What needs to be done: Every entry that follows is to be duplicated exactly.

Provided material:
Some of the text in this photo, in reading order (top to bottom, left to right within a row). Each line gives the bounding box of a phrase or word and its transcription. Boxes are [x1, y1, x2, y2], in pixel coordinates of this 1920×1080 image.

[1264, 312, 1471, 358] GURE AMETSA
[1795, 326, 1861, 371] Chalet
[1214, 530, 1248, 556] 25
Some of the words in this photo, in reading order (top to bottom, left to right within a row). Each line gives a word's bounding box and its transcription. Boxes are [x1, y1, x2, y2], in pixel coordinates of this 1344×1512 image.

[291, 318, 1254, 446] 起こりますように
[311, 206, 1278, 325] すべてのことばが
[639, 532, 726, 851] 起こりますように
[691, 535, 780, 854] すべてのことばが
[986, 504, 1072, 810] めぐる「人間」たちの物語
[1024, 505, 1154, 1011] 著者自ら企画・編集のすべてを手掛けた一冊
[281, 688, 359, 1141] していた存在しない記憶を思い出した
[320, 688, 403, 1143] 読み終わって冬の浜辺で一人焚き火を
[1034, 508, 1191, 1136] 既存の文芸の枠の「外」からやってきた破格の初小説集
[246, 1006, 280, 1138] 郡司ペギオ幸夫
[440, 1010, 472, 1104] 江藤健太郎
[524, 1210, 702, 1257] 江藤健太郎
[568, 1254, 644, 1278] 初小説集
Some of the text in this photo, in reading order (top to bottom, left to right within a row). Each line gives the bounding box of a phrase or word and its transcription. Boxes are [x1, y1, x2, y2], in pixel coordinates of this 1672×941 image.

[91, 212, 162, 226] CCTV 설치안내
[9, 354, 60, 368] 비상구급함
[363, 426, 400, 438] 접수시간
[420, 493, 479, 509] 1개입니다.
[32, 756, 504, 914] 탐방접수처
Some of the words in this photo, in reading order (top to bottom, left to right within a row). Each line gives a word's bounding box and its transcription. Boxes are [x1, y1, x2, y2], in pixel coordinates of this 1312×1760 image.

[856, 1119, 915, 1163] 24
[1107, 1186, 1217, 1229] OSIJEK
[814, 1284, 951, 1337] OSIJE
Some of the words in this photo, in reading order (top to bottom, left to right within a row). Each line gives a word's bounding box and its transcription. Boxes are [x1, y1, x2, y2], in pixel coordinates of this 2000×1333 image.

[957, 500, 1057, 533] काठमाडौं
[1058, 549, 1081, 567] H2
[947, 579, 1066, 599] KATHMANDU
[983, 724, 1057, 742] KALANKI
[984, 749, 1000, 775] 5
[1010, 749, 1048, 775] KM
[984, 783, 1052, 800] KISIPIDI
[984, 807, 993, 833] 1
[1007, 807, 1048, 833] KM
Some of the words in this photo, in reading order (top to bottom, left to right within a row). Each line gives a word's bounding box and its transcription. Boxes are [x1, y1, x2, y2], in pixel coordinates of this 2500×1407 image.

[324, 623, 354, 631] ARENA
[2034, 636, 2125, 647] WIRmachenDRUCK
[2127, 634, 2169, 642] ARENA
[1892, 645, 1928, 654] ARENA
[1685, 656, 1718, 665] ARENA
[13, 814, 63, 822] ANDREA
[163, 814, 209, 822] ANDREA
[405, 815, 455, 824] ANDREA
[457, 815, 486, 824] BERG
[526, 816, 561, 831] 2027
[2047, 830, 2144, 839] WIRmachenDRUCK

Answer box:
Some of the text in this photo, in reading order (top to bottom, left to right within a row). Each line gives the bounding box of a phrase or word and its transcription. Boxes are [x1, y1, x2, y2], in pixel coordinates of this 1920×1080 image.

[1264, 312, 1471, 358] GURE AMETSA
[1795, 326, 1861, 371] Chalet
[1214, 530, 1248, 556] 25
Some of the words in this photo, in reading order (top to bottom, left to right within a row). Each line gives a word's bounding box and its transcription. Boxes are [x1, y1, x2, y2], in pixel coordinates of this 1344×1512 image.

[291, 318, 1254, 446] 起こりますように
[311, 206, 1278, 325] すべてのことばが
[639, 532, 726, 851] 起こりますように
[691, 535, 780, 854] すべてのことばが
[986, 504, 1072, 810] めぐる「人間」たちの物語
[1024, 505, 1154, 1011] 著者自ら企画・編集のすべてを手掛けた一冊
[281, 688, 359, 1141] していた存在しない記憶を思い出した
[320, 688, 403, 1143] 読み終わって冬の浜辺で一人焚き火を
[1034, 508, 1191, 1136] 既存の文芸の枠の「外」からやってきた破格の初小説集
[246, 1006, 280, 1138] 郡司ペギオ幸夫
[440, 1010, 472, 1104] 江藤健太郎
[524, 1210, 702, 1257] 江藤健太郎
[568, 1254, 644, 1278] 初小説集
Some of the text in this photo, in reading order (top to bottom, left to right within a row). Each line gives the bounding box of a phrase or word and its transcription. Boxes are [x1, y1, x2, y2], in pixel coordinates of this 1672×941 image.

[91, 212, 162, 226] CCTV 설치안내
[9, 354, 60, 368] 비상구급함
[363, 426, 400, 438] 접수시간
[420, 493, 479, 509] 1개입니다.
[32, 756, 504, 914] 탐방접수처
Some of the words in this photo, in reading order (top to bottom, left to right within a row). Each line gives a word's bounding box and its transcription. Boxes are [x1, y1, x2, y2], in pixel coordinates of this 1312×1760 image.

[856, 1119, 915, 1163] 24
[1107, 1186, 1217, 1229] OSIJEK
[814, 1284, 951, 1337] OSIJE
Some of the words in this photo, in reading order (top to bottom, left to right within a row). Each line gives a word's bounding box and its transcription. Boxes are [x1, y1, x2, y2], in pixel coordinates of this 2000×1333 image.

[957, 500, 1057, 533] काठमाडौं
[1058, 549, 1081, 567] H2
[947, 579, 1066, 599] KATHMANDU
[983, 724, 1057, 742] KALANKI
[984, 749, 1000, 775] 5
[1010, 749, 1048, 775] KM
[984, 783, 1052, 800] KISIPIDI
[984, 807, 993, 833] 1
[1007, 807, 1048, 833] KM
Some of the words in this photo, in reading order (top to bottom, left to right within a row). Each line gives a word's bounding box and its transcription. Boxes are [x1, y1, x2, y2], in pixel coordinates of this 2500×1407 image.

[324, 623, 354, 631] ARENA
[2034, 636, 2125, 647] WIRmachenDRUCK
[2127, 634, 2169, 642] ARENA
[1892, 645, 1928, 654] ARENA
[1685, 656, 1718, 665] ARENA
[13, 814, 63, 822] ANDREA
[163, 814, 209, 822] ANDREA
[405, 815, 455, 824] ANDREA
[457, 815, 486, 824] BERG
[526, 816, 561, 831] 2027
[2047, 830, 2144, 839] WIRmachenDRUCK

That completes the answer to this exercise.